**What you have to do**
Repeat every entry exactly. Do not include the pictures.

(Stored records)
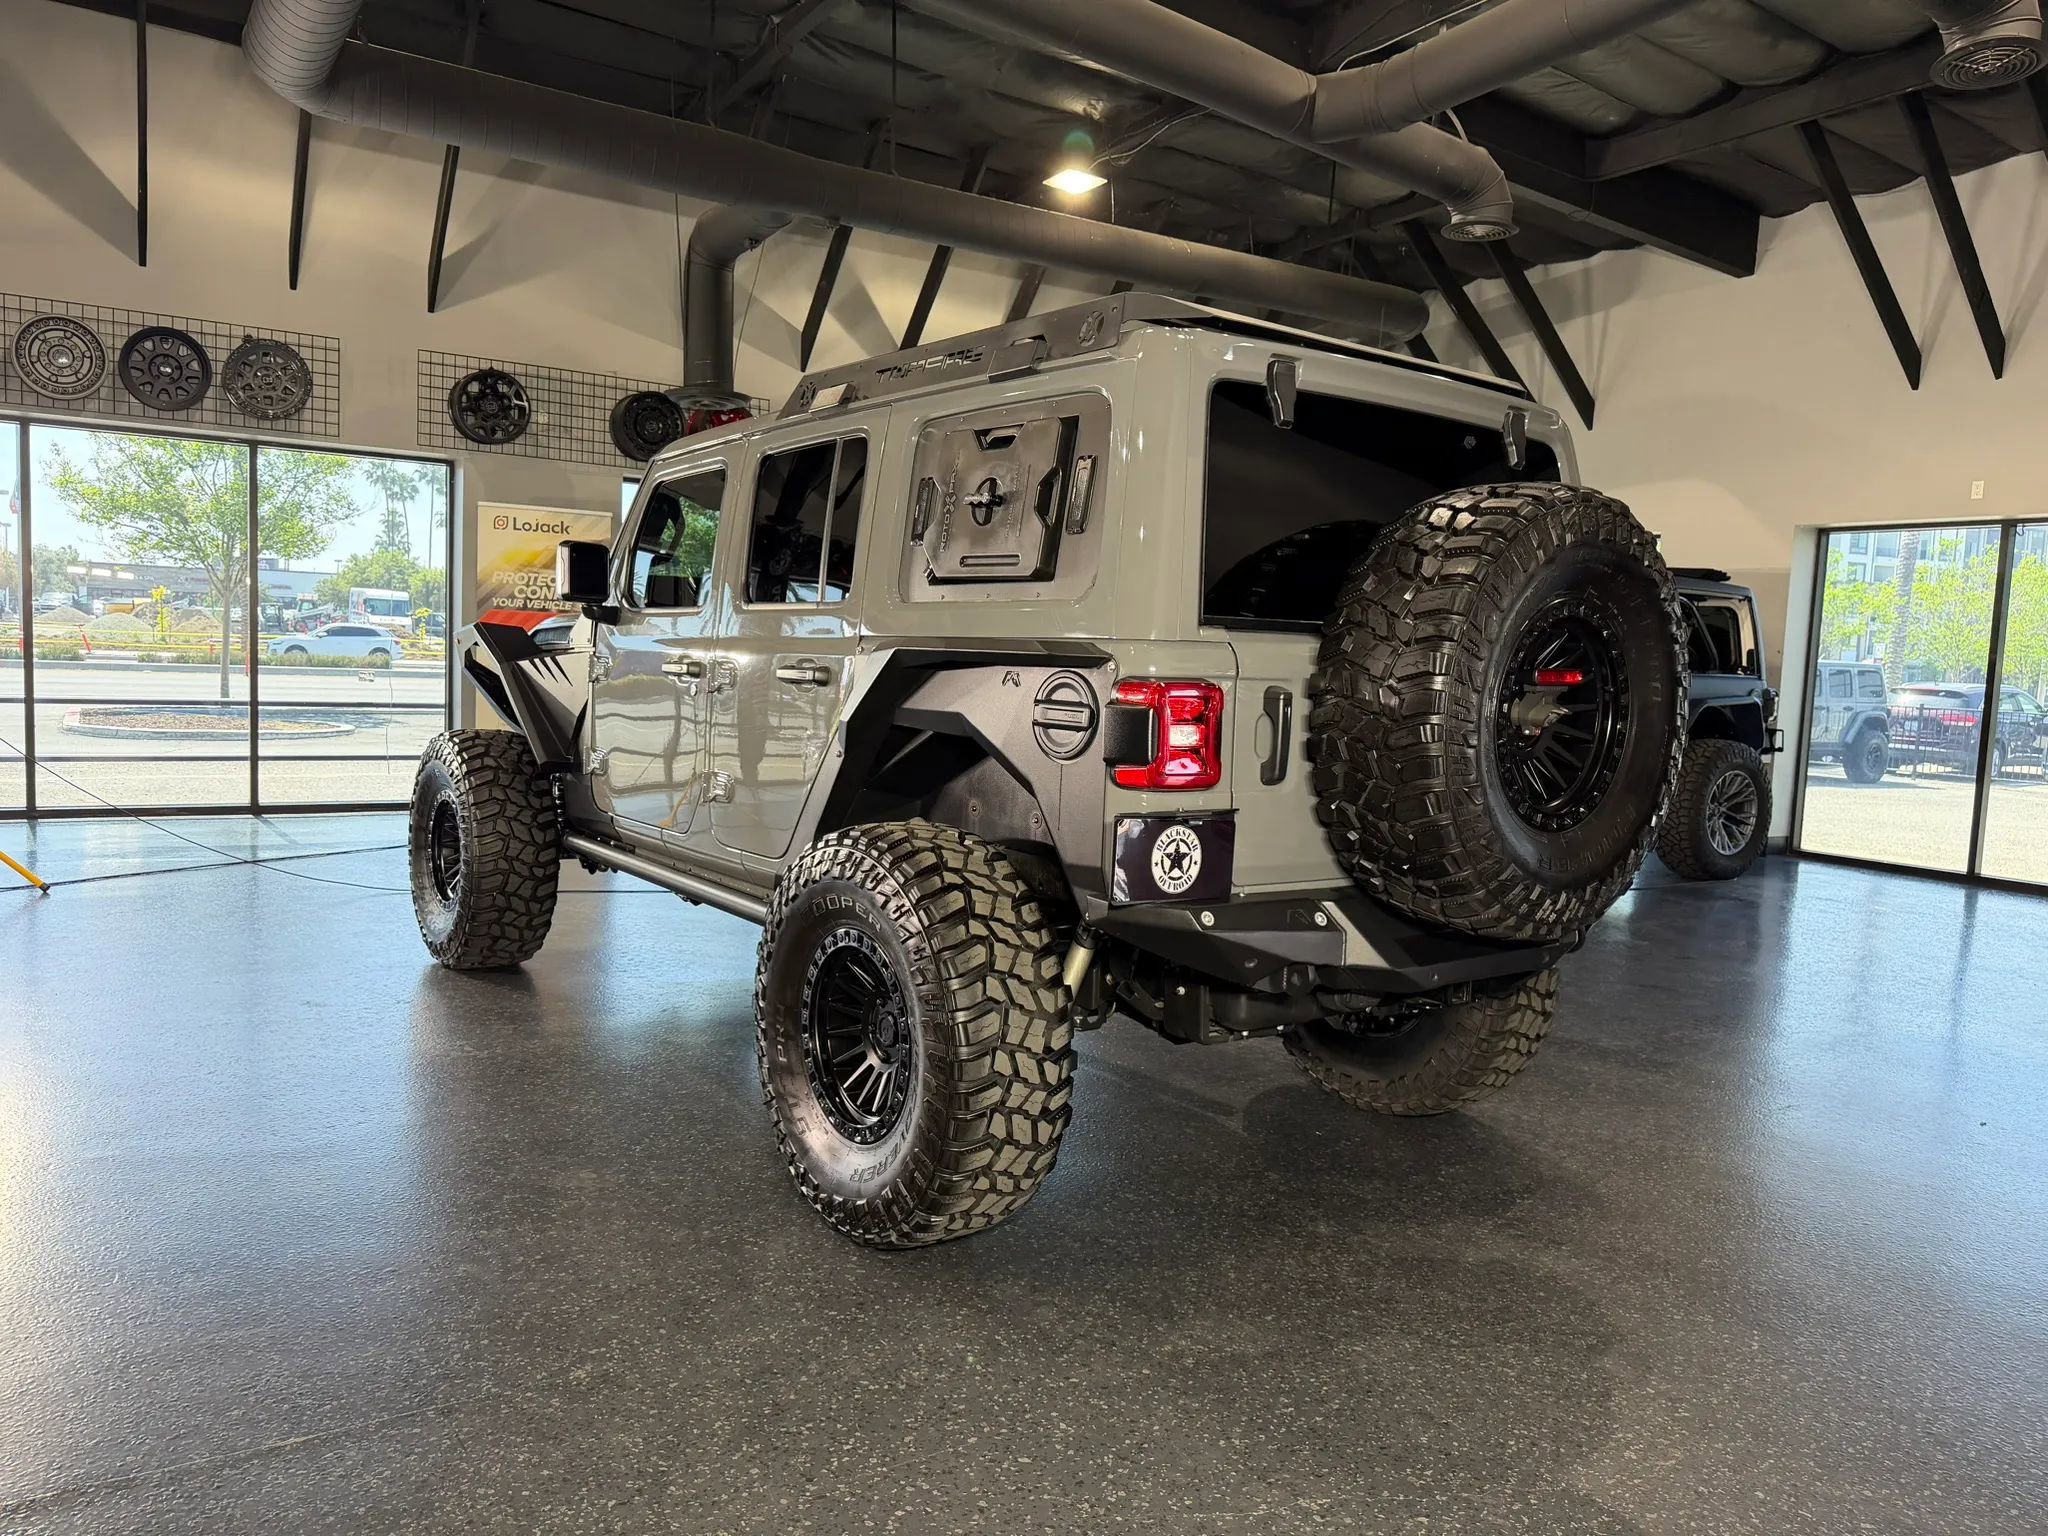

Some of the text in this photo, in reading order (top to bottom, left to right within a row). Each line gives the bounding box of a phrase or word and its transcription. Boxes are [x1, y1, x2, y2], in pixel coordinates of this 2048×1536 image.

[492, 571, 557, 587] PROTEC
[492, 597, 573, 610] YOUR VEHICLE
[1156, 828, 1199, 852] BLACKSTAR
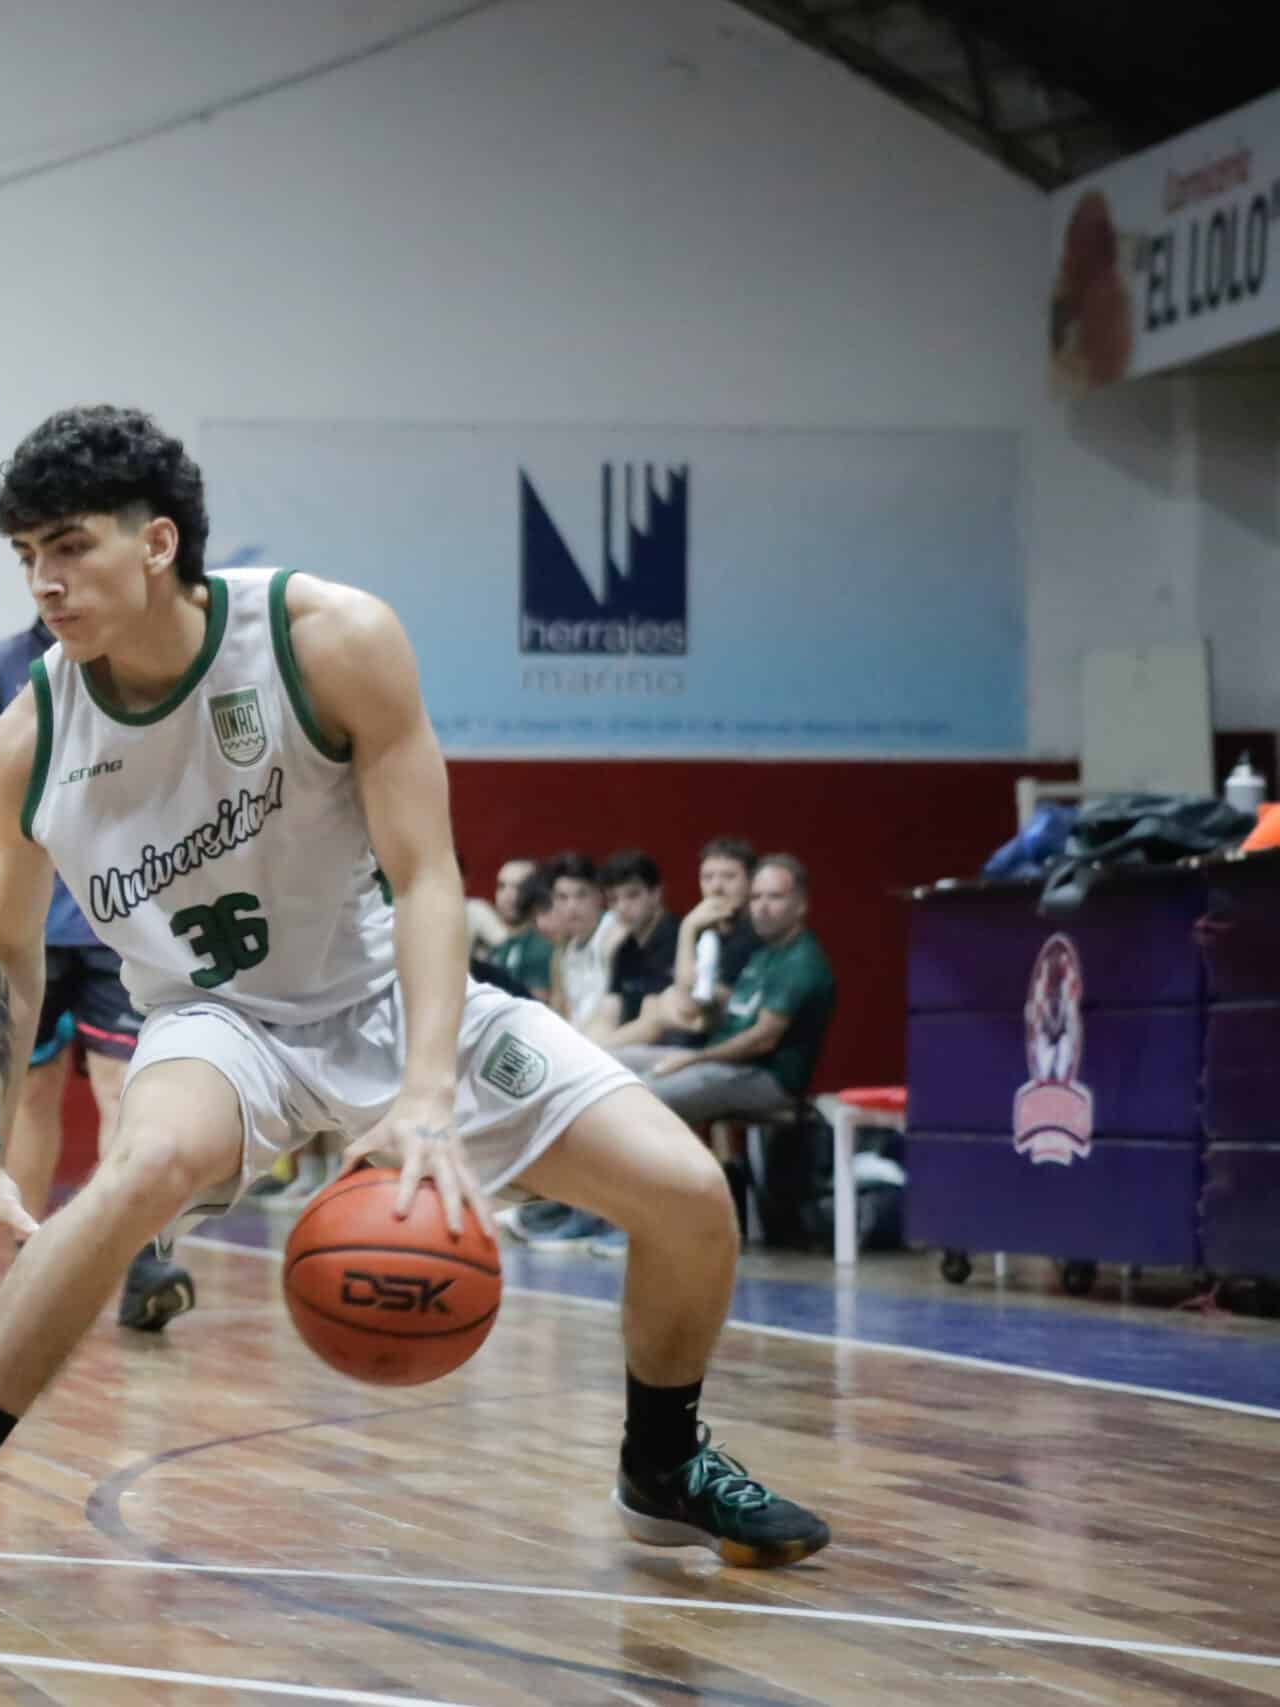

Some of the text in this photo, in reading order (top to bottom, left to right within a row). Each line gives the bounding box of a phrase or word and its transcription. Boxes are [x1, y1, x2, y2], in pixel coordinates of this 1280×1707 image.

[522, 611, 687, 655] herrajes
[90, 767, 283, 923] Universidad
[170, 892, 269, 989] 36
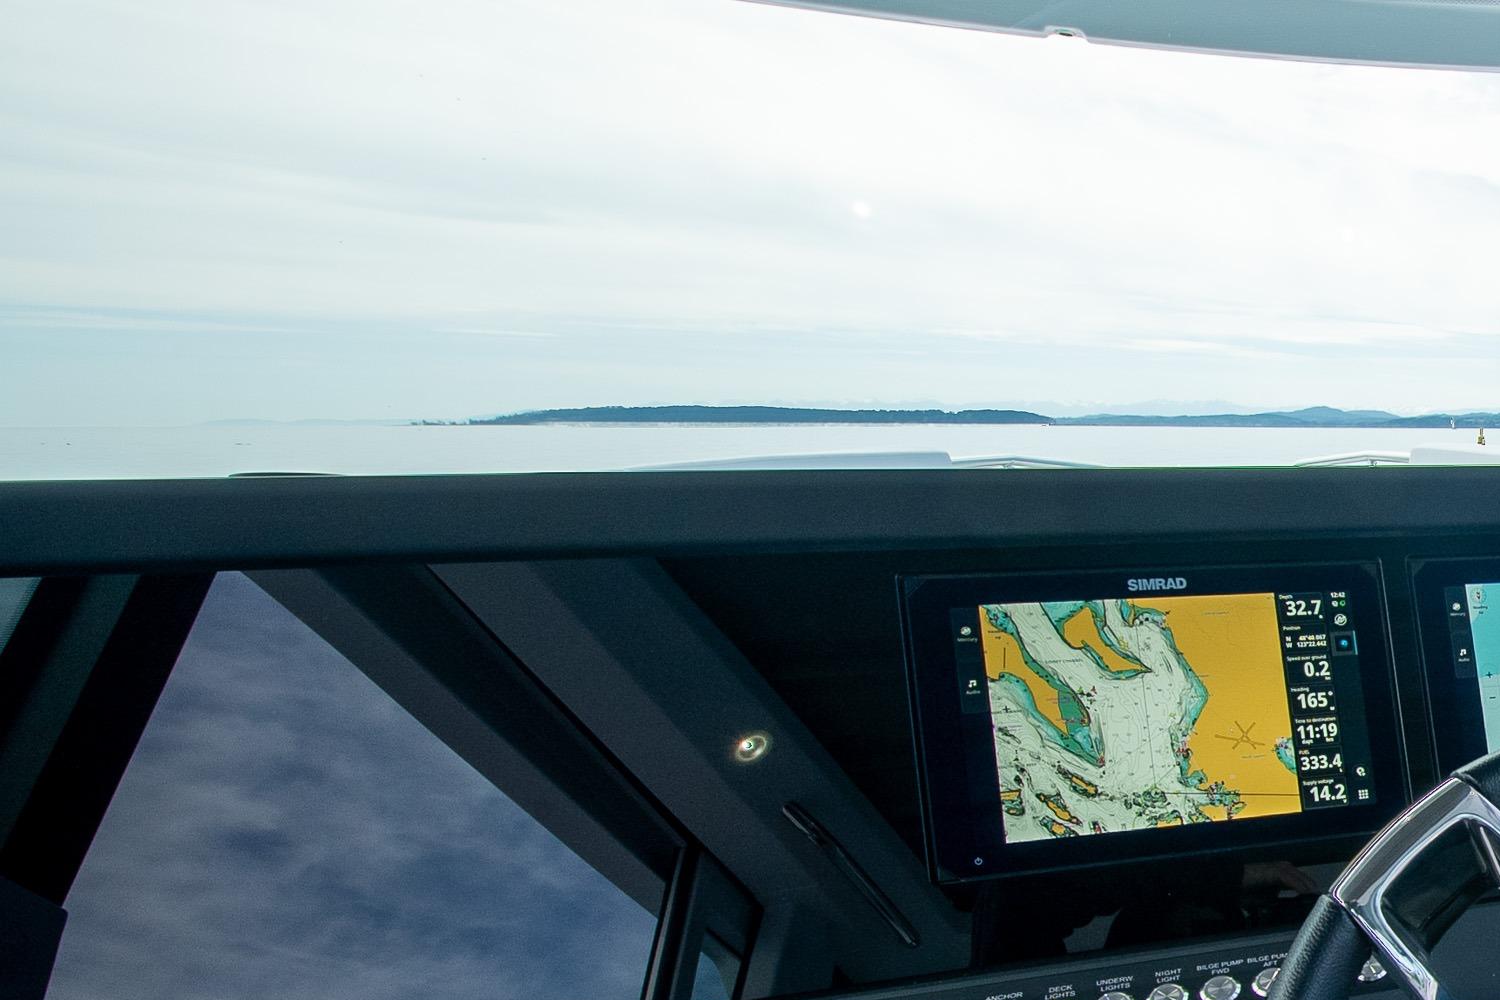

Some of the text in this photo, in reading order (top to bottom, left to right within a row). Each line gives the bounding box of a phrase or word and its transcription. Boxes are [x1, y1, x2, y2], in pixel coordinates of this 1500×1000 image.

[1127, 576, 1187, 592] SIMRAD
[1285, 600, 1322, 616] 32.7
[1303, 661, 1330, 677] 0.2
[1297, 723, 1338, 739] 11:19
[1300, 753, 1342, 770] 333.4
[1310, 784, 1347, 802] 14.2
[1247, 952, 1290, 964] BILGE PUM
[1263, 960, 1278, 968] AFT
[1196, 959, 1244, 971] BILGE PUMP
[1155, 968, 1182, 978] NIGHT
[1211, 967, 1230, 976] FWD
[1096, 975, 1133, 987] UNDERW
[1156, 974, 1181, 984] LIGHT
[1048, 984, 1073, 994] DECK
[1100, 982, 1131, 992] LIGHTS
[1044, 990, 1076, 1000] LIGHTS
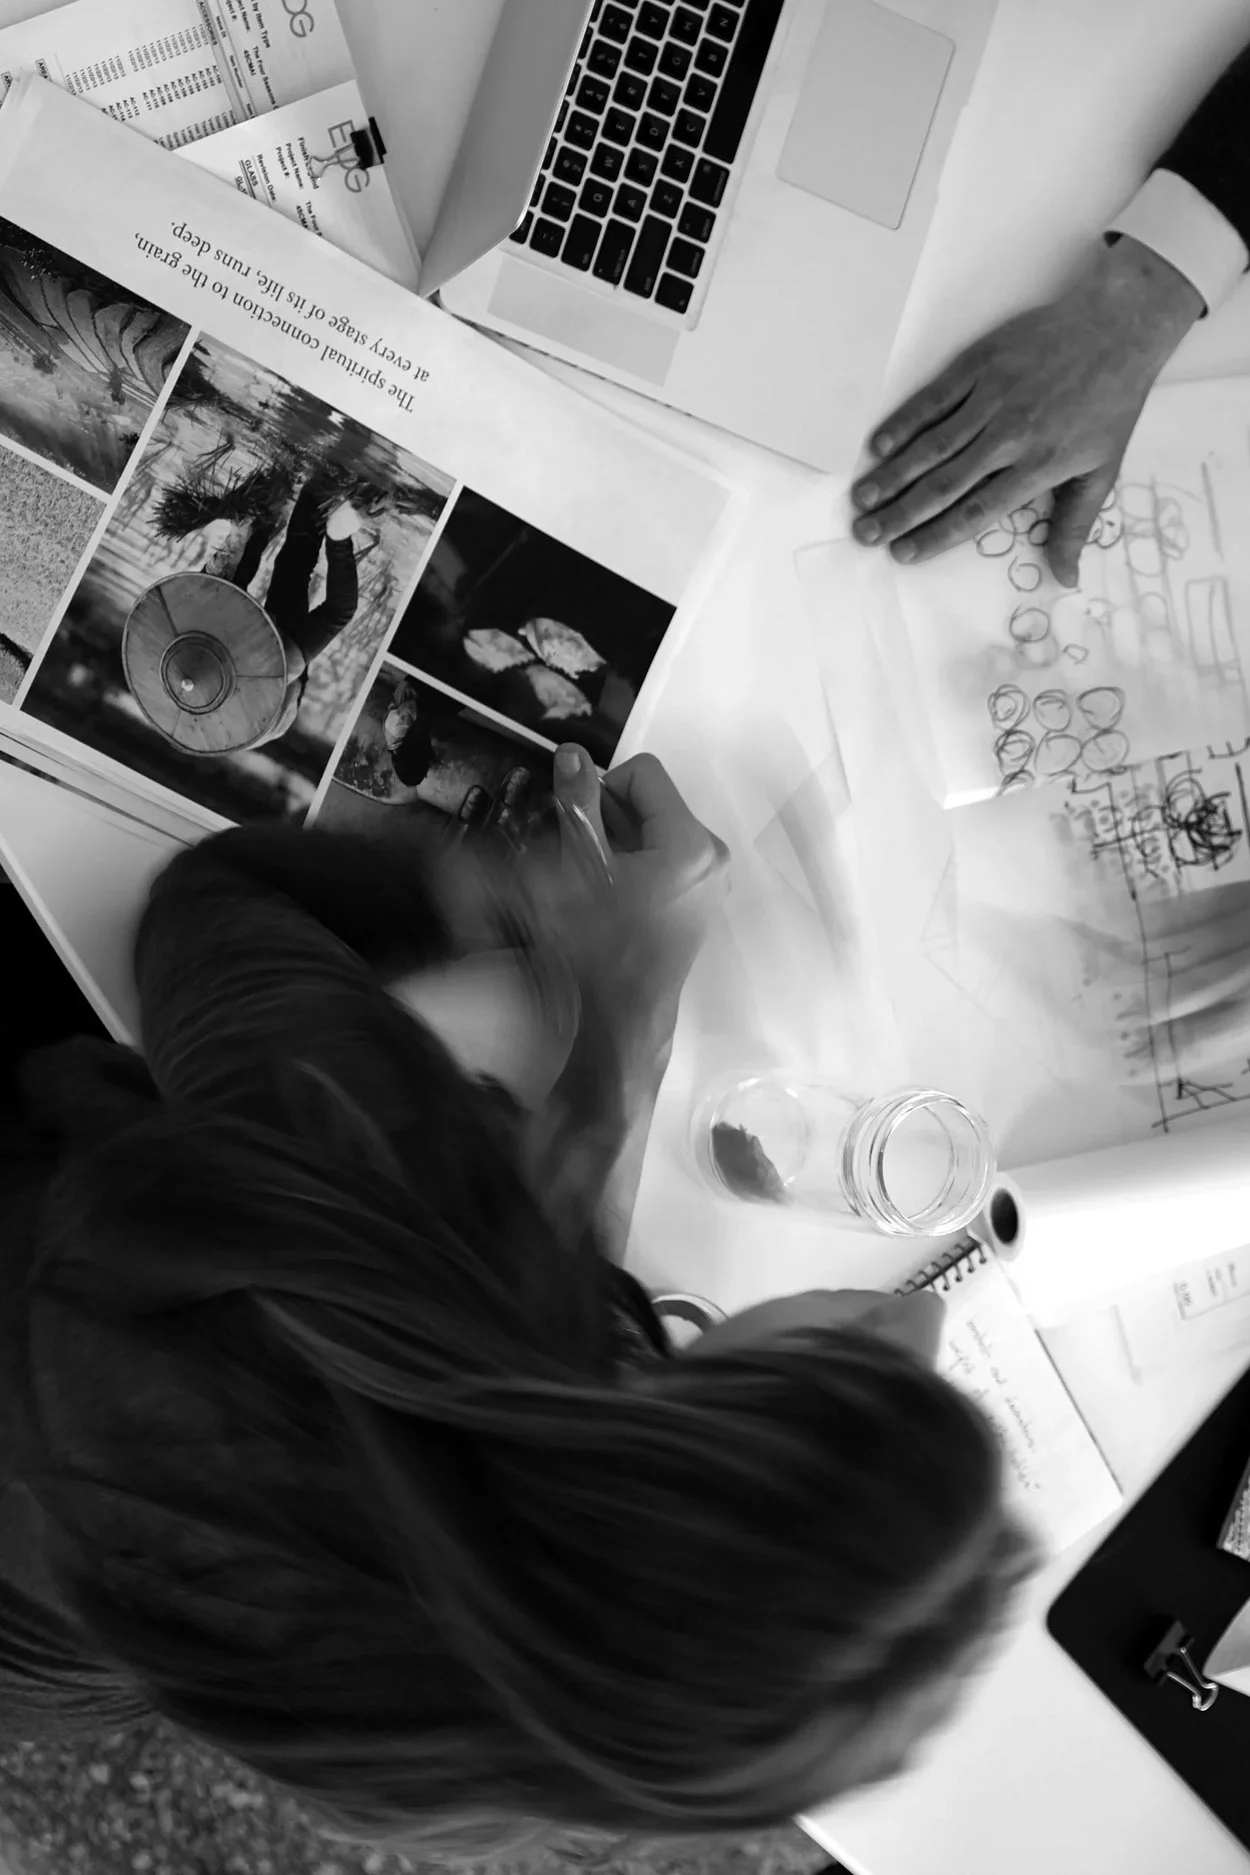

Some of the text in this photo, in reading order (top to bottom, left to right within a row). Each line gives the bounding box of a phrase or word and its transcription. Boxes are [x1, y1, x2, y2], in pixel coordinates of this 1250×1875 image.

**Result of the task**
Some of the text in this photo, in reading order (top to bottom, left to right within a row). Each line gives the bounding box of a phrase or word and its transcription. Boxes are [x1, y1, x2, y2], in pixel coordinates of this 2048×1536 image.

[492, 571, 557, 587] PROTEC
[492, 597, 573, 610] YOUR VEHICLE
[1156, 828, 1199, 852] BLACKSTAR

Some of the text in this photo, in reading order (top to bottom, left to right within a row). Each line gives the bounding box of a phrase or word and its transcription. Boxes are [x1, y1, x2, y2], in pixel coordinates of this 1280×1707 image.

[522, 611, 687, 655] herrajes
[90, 767, 283, 923] Universidad
[170, 892, 269, 989] 36

Some of the text in this photo, in reading order (top to bottom, left to right within a row). Each line gives the bounding box of a phrase or word and its transcription. Boxes are [x1, y1, x2, y2], in pixel coordinates of this 1500×1000 image.

[1127, 576, 1187, 592] SIMRAD
[1285, 600, 1322, 616] 32.7
[1303, 661, 1330, 677] 0.2
[1297, 723, 1338, 739] 11:19
[1300, 753, 1342, 770] 333.4
[1310, 784, 1347, 802] 14.2
[1247, 952, 1290, 964] BILGE PUM
[1263, 960, 1278, 968] AFT
[1196, 959, 1244, 971] BILGE PUMP
[1155, 968, 1182, 978] NIGHT
[1211, 967, 1230, 976] FWD
[1096, 975, 1133, 987] UNDERW
[1156, 974, 1181, 984] LIGHT
[1048, 984, 1073, 994] DECK
[1100, 982, 1131, 992] LIGHTS
[1044, 990, 1076, 1000] LIGHTS

Some of the text in this photo, in reading order (top to bottom, left to right within a row). Each line gives the bounding box of a phrase or word and its transcription. Boxes are [x1, y1, x2, y2], in pixel coordinates of this 1250×1875 image.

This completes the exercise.